▸ About this exercise: What you give back must match the data exactly, minus the pictures.

──────────

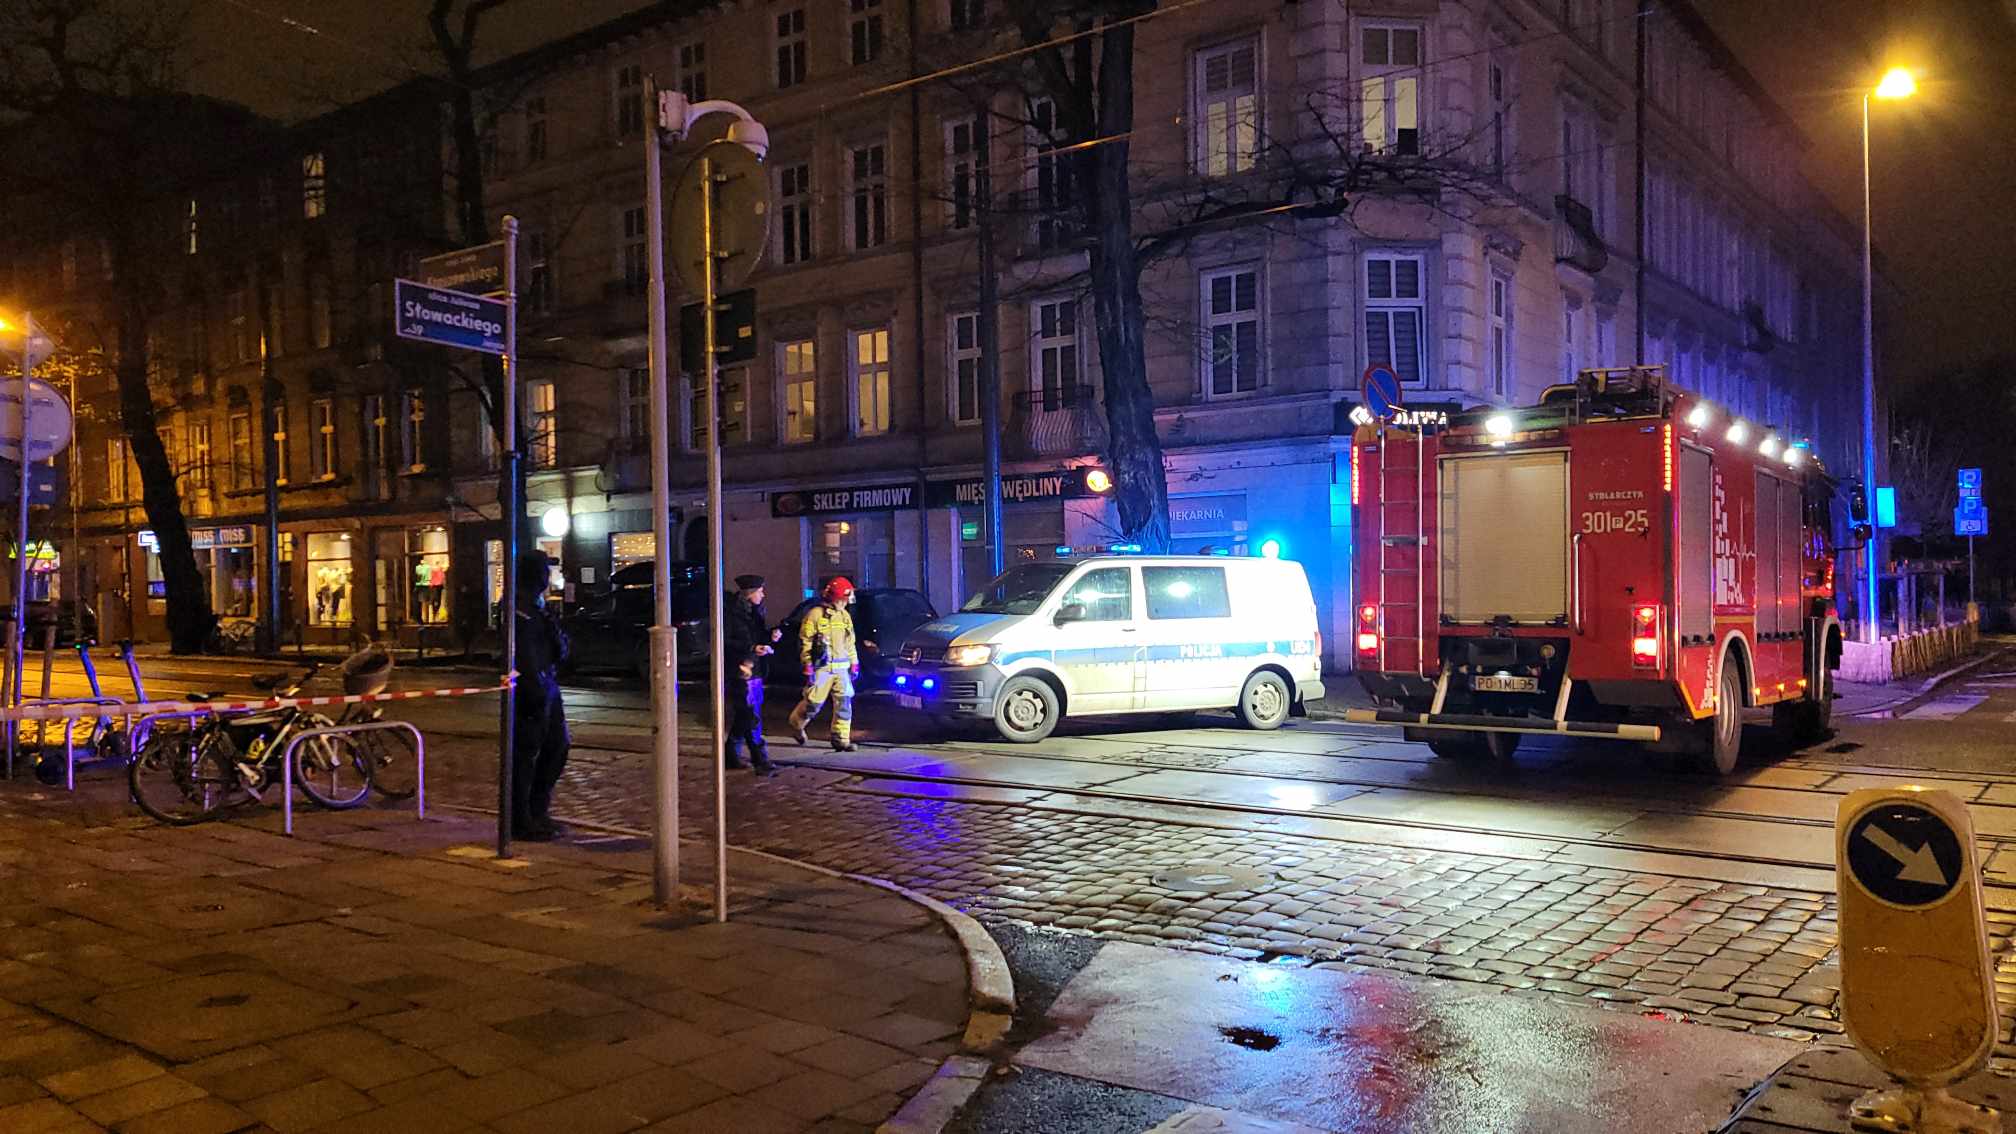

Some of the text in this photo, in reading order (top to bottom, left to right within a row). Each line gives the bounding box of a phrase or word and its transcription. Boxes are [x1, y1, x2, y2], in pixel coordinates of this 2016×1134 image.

[405, 301, 501, 337] Słowackiego
[814, 488, 912, 511] SKLEP FIRMOWY
[956, 477, 1063, 504] MIĘS WĘDLINY
[1963, 499, 1977, 513] P
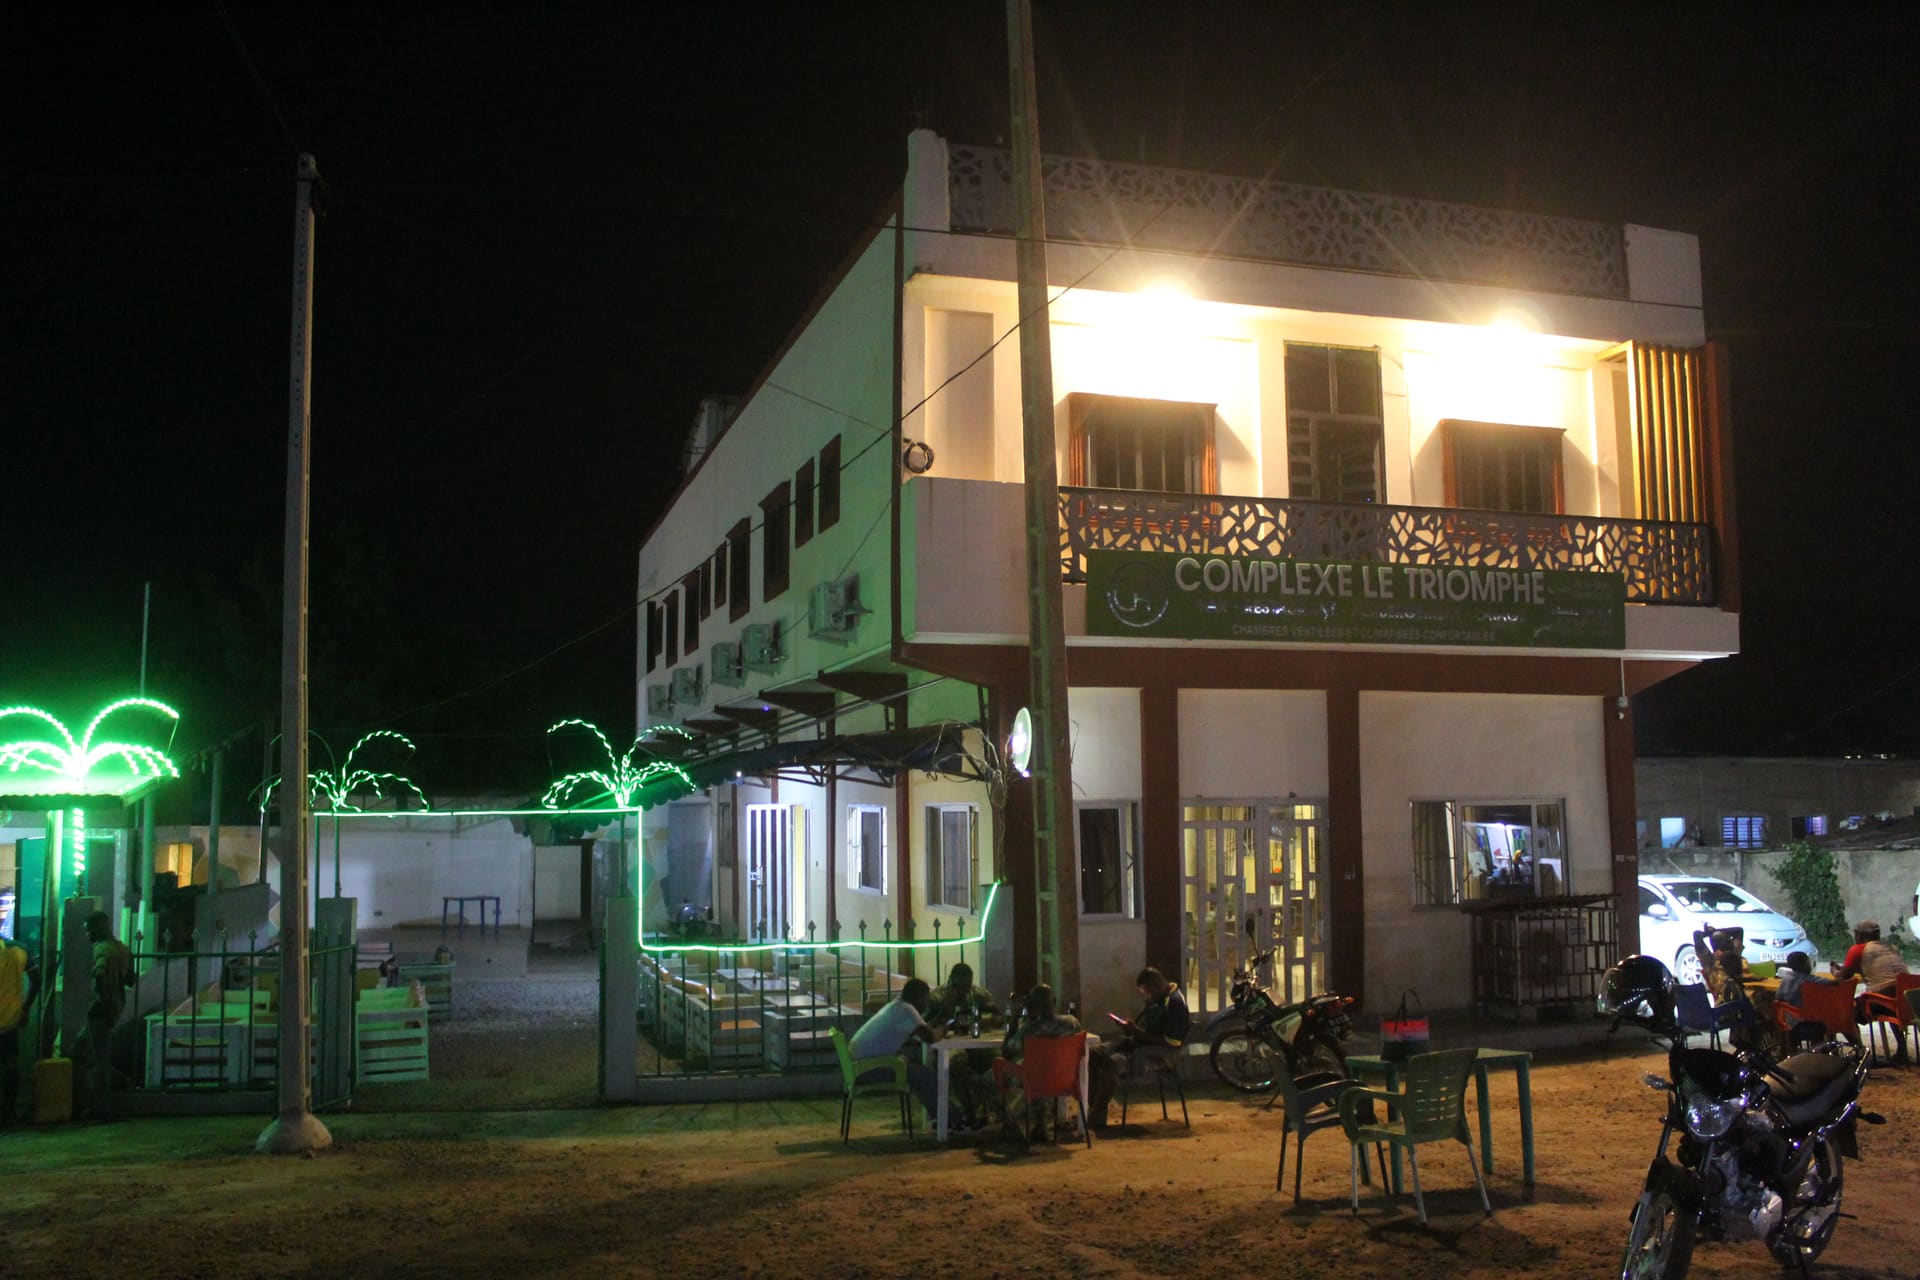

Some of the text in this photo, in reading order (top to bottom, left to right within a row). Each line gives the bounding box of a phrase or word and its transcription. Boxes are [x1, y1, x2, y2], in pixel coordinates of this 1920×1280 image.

[1175, 557, 1352, 597] COMPLEXE
[1362, 565, 1393, 599] LE
[1404, 567, 1545, 605] TRIOMPHE
[1232, 623, 1288, 638] CHAMBRES
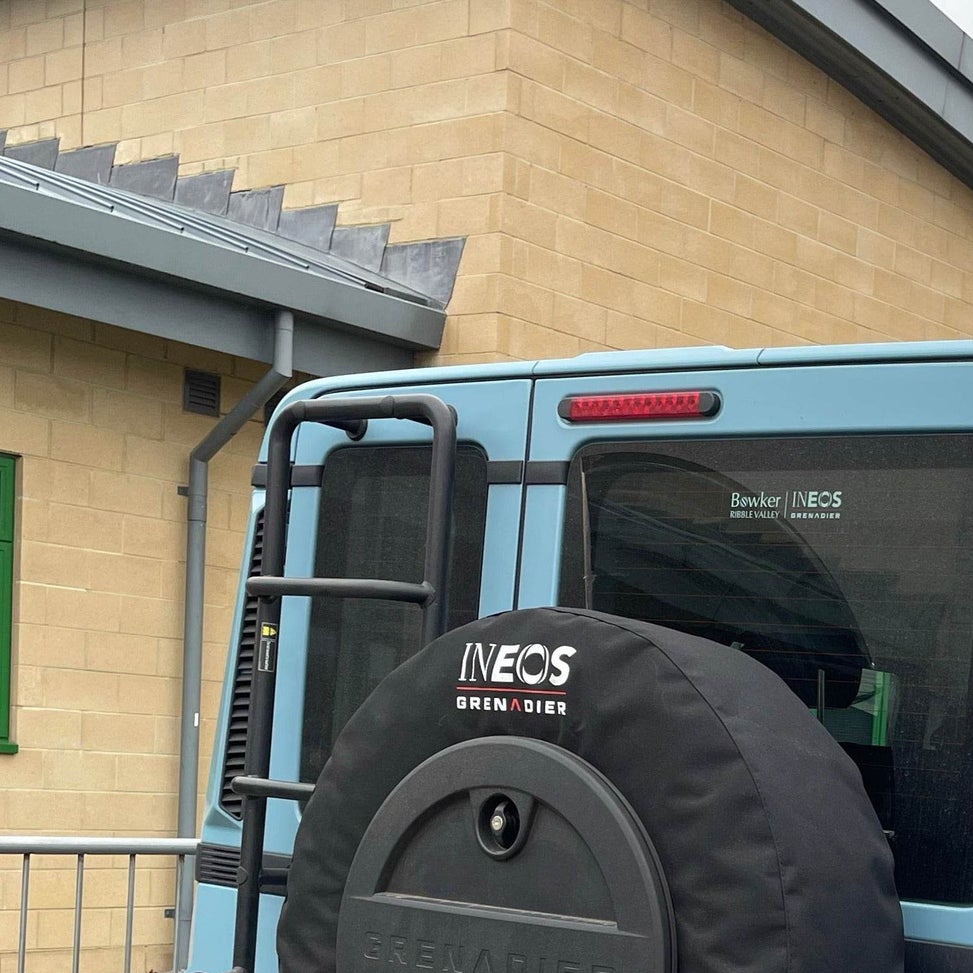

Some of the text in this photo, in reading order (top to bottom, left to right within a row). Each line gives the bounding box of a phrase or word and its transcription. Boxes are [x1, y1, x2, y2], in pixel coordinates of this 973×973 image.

[731, 491, 781, 508] Bowker
[792, 491, 842, 508] INEOS
[729, 510, 780, 519] RIBBLE VALLEY
[458, 642, 577, 686] INEOS
[456, 696, 567, 716] GRENADIER
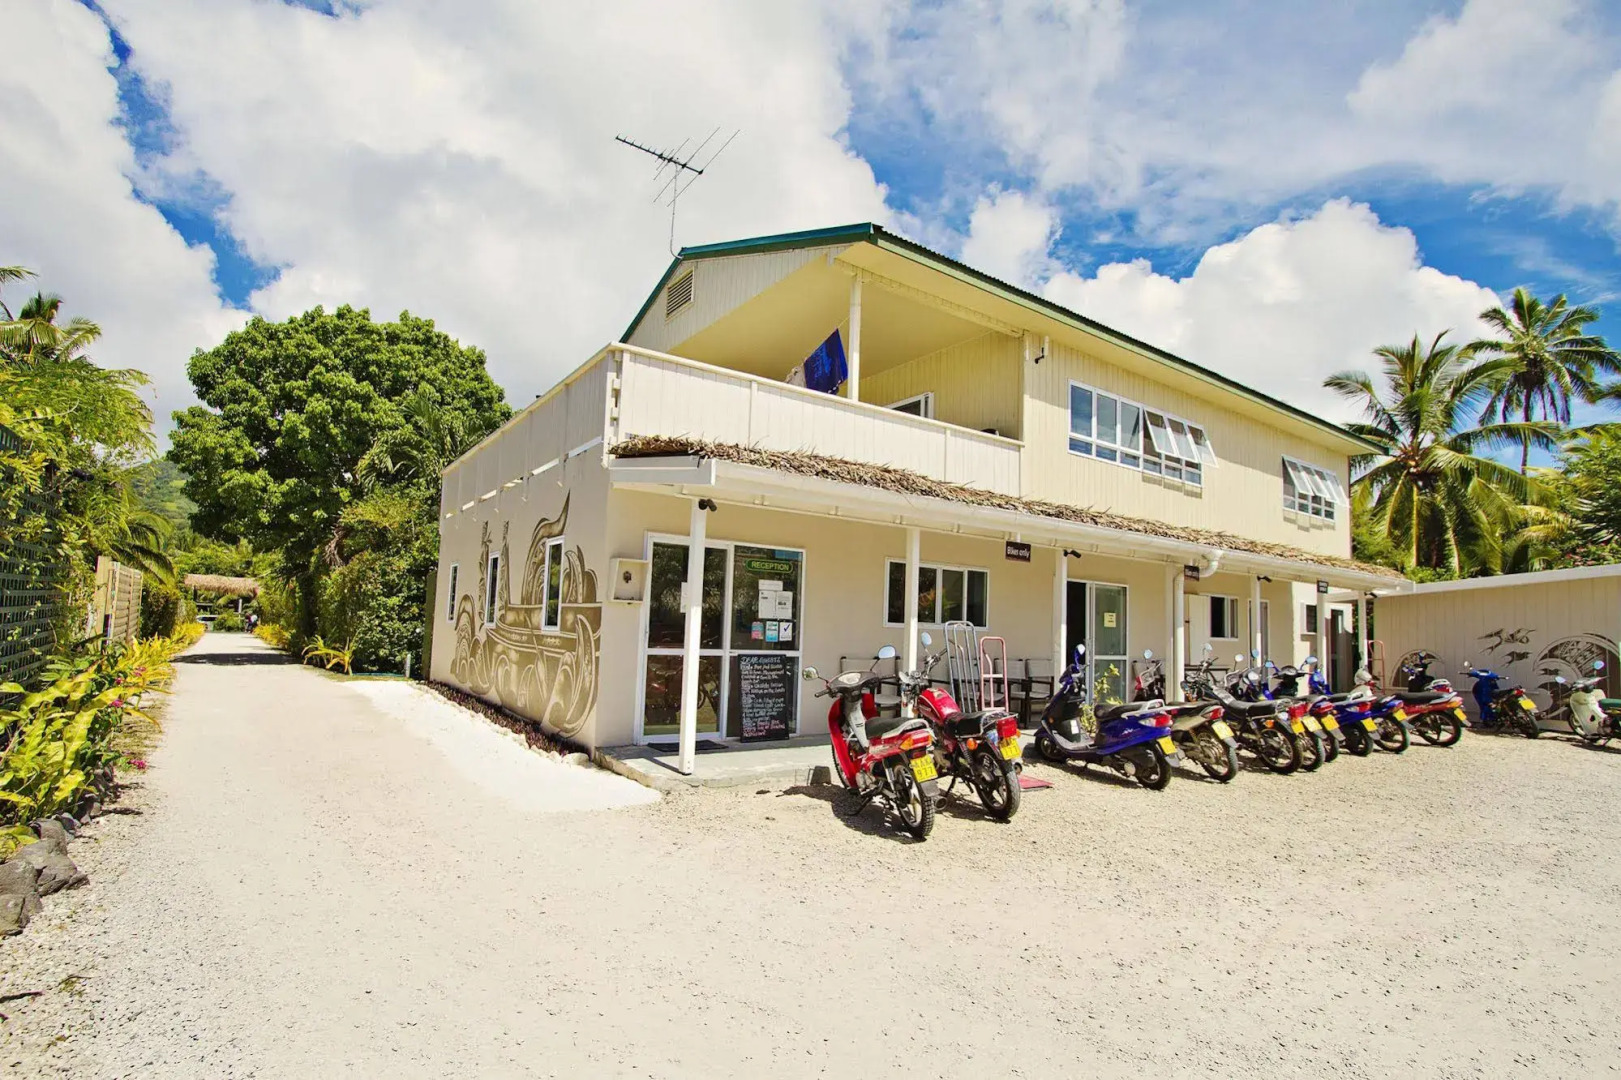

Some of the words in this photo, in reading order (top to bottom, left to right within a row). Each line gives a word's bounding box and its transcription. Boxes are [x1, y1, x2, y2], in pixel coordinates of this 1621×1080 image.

[1007, 546, 1018, 555] Bikes
[1019, 548, 1030, 559] only
[751, 561, 790, 571] RECEPTION
[740, 656, 758, 664] DEAR
[916, 766, 933, 778] 977

──────────

▸ Answer section:
Some of the text in this photo, in reading order (top to bottom, left to right within a row). Each line gives the bounding box of a phrase or word and its transcription. Boxes are [x1, y1, x2, y2], in pixel coordinates of this 2016×1134 image.

[405, 301, 501, 337] Słowackiego
[814, 488, 912, 511] SKLEP FIRMOWY
[956, 477, 1063, 504] MIĘS WĘDLINY
[1963, 499, 1977, 513] P

Some of the text in this photo, in reading order (top to bottom, left to right within a row). Each line gives the bounding box of a phrase or word and its transcription. Boxes are [x1, y1, x2, y2], in pixel coordinates of this 1920×1280 image.

[1175, 557, 1352, 597] COMPLEXE
[1362, 565, 1393, 599] LE
[1404, 567, 1545, 605] TRIOMPHE
[1232, 623, 1288, 638] CHAMBRES

Some of the text in this photo, in reading order (top to bottom, left to right within a row). Each line gives the bounding box of a phrase or word and its transcription. Boxes are [x1, y1, x2, y2], in pixel coordinates of this 973×973 image.

[731, 491, 781, 508] Bowker
[792, 491, 842, 508] INEOS
[729, 510, 780, 519] RIBBLE VALLEY
[458, 642, 577, 686] INEOS
[456, 696, 567, 716] GRENADIER

Some of the words in this photo, in reading order (top to bottom, left to right within a row). Each line gives a word's bounding box and its transcription. Boxes are [x1, y1, x2, y2], in pixel coordinates of this 1621×1080 image.

[1007, 546, 1018, 555] Bikes
[1019, 548, 1030, 559] only
[751, 561, 790, 571] RECEPTION
[740, 656, 758, 664] DEAR
[916, 766, 933, 778] 977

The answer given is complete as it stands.